By NAKUBIANA SHABONGO-
FIRST Lady Christine Kaseba has urged the 10 pupils selected from 30 groups under the Youth Mentorship Programme to strive to be in the top 10 academically to sustain national development. And Dr Kaseba has expressed sadness at the high number of girls dropping out of school as a result of early marriages.
She said 15-19 per cent of school-going girls were having children while teenage pregnancies and HIV/AIDS prevalence was going up.
The First Lady said she expected the pupils to work as a team by protecting, motivating and reading together, as team work would help them achieve a lot. She was speaking at the launch of the Youth Mentorship Programme in Lusaka yesterday.
The programme, funded by the United Nations Development Programme, helps in mentoring the young generation to become responsible citizens. “You and I will enter into a social contract that the 10 pupils from each school will always strive to be in the top 10,” she said.
Dr Kaseba called on teachers to help the pupils set goals and individual targets, and to identify a career path.
She appealed to the participating schools to come up with their life histories that would help her office track what they would be doing to achieve their set targets.
She was confident that the pupils would achieve their goals through fighting vices such as drug abuse, child marriages, early pregnancies and prostitution.

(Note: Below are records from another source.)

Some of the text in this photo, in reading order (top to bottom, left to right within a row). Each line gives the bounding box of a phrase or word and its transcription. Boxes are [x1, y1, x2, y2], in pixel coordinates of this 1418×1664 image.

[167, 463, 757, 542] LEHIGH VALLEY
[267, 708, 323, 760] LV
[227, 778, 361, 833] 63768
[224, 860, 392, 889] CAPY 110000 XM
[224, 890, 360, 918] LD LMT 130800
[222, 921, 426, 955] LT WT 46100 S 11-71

And Sports and Youth Deputy Minister Christopher Mulenga said youths needed to be guided in making career choices. Education, Science, Vocational Training and Early Education Permanent Secretary, Chishimba Nkosha appealed to the youths in Zambia to desist from engaging in riotous behaviour as that would deter them from achieving their goals and contributing to national development.
Tilole Mwanza, a former beneficiary of one of the First Lady’s mentorship programmes, the Junior Achievement Zambia programme through which she is now at the University of Zambia, urged the pupils to take advantage of the initiative to reach greater academic heights.